Vapor–Solid Interface Synthesis of Highly Crystalline Covalent Triazine Frameworks for Use as Efficient Photocatalysts

Harsh synthetic conditions for crystalline covalent triazine frameworks (CTFs) and associated limitations on structural diversities impede not only further development of functional CTFs, but also practical large-scale synthesis. Herein, a mild and universal vapor–solid interface synthesis strategy is developed for highly crystalline CTFs employing trifluoromethanesulfonic acid vapor as catalysts. A series of highly ordered simple and functional CTFs (CTF-TJUs) can be facilely produced. In particular, the porphyrin-involved functional CTF (CTF-TJU-Por1) with high crystallinity is synthesized for the first time via this universal approach.
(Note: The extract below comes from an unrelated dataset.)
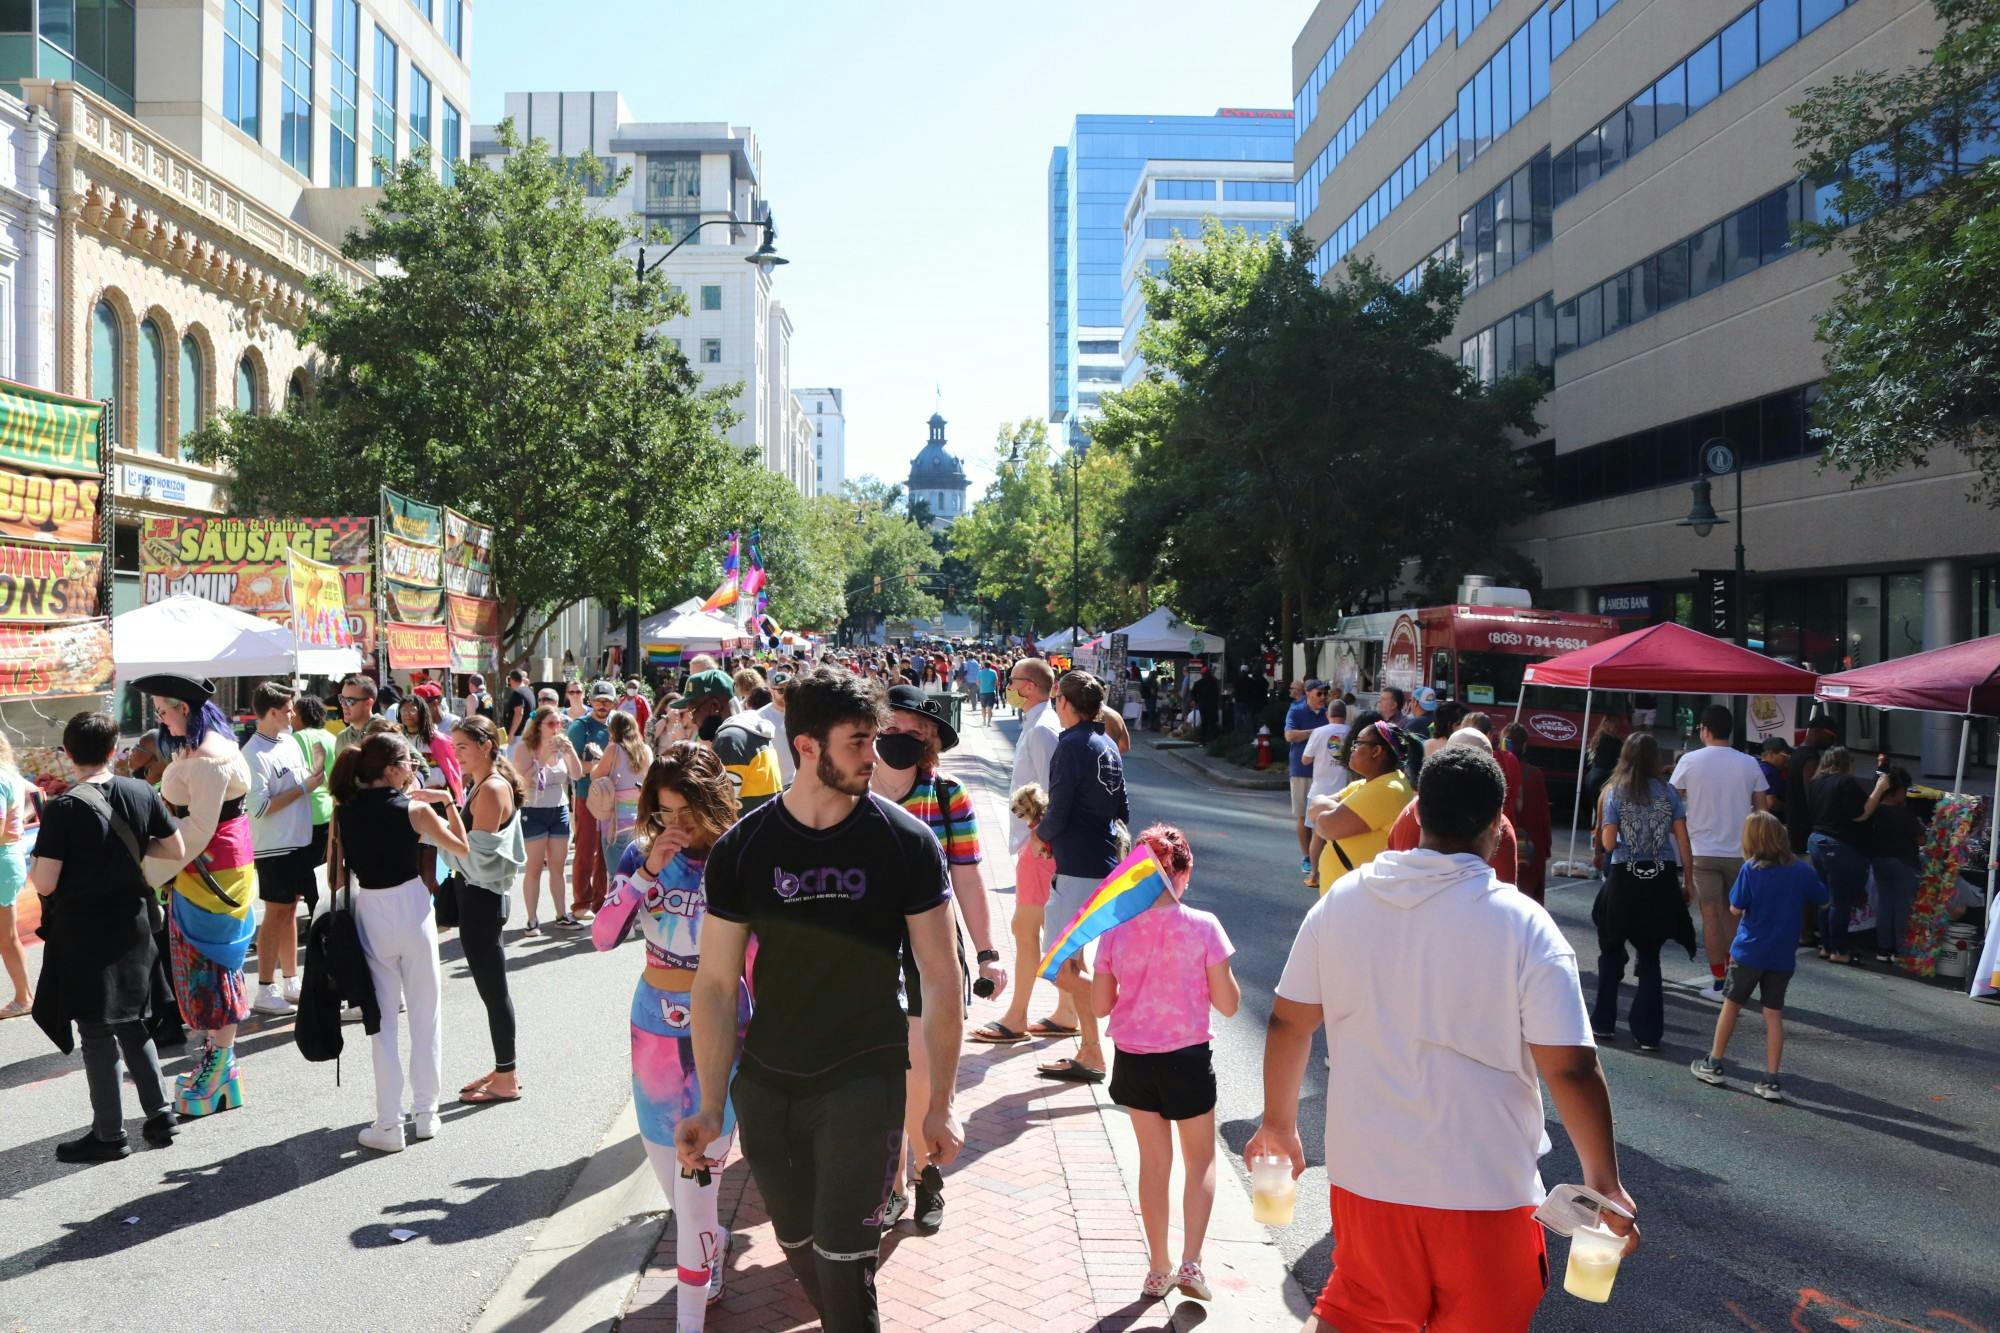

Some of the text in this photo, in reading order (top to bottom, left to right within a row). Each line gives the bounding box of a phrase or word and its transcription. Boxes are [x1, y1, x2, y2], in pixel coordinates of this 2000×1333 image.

The mechanism of vapor-catalyzed trimerization of nitrile monomers is thoroughly investigated through semi in situ characterizations. As a proof of concept, the photocatalytic performance of synthesized CTFs for water splitting is evaluated. CTF-TJU-133 exhibits significantly greater photocatalytic rates for hydrogen (4.35 µmol h⁻¹) and oxygen (2.18 µmol h⁻¹) evolutions during overall water splitting under visible light irradiations compared to other CTF-TJUs, representing one of the highest values among reported CTF photocatalysts. Further studies reveal that enhanced photocatalytic performance of CTF-TJU-133 results from optimized band structure, extended visible-light absorption, and high carrier separation efficiency. This study provides a promising strategy to synthesize various simple and functional CTFs, which significantly enriched diversities of CTF family for different application purposes.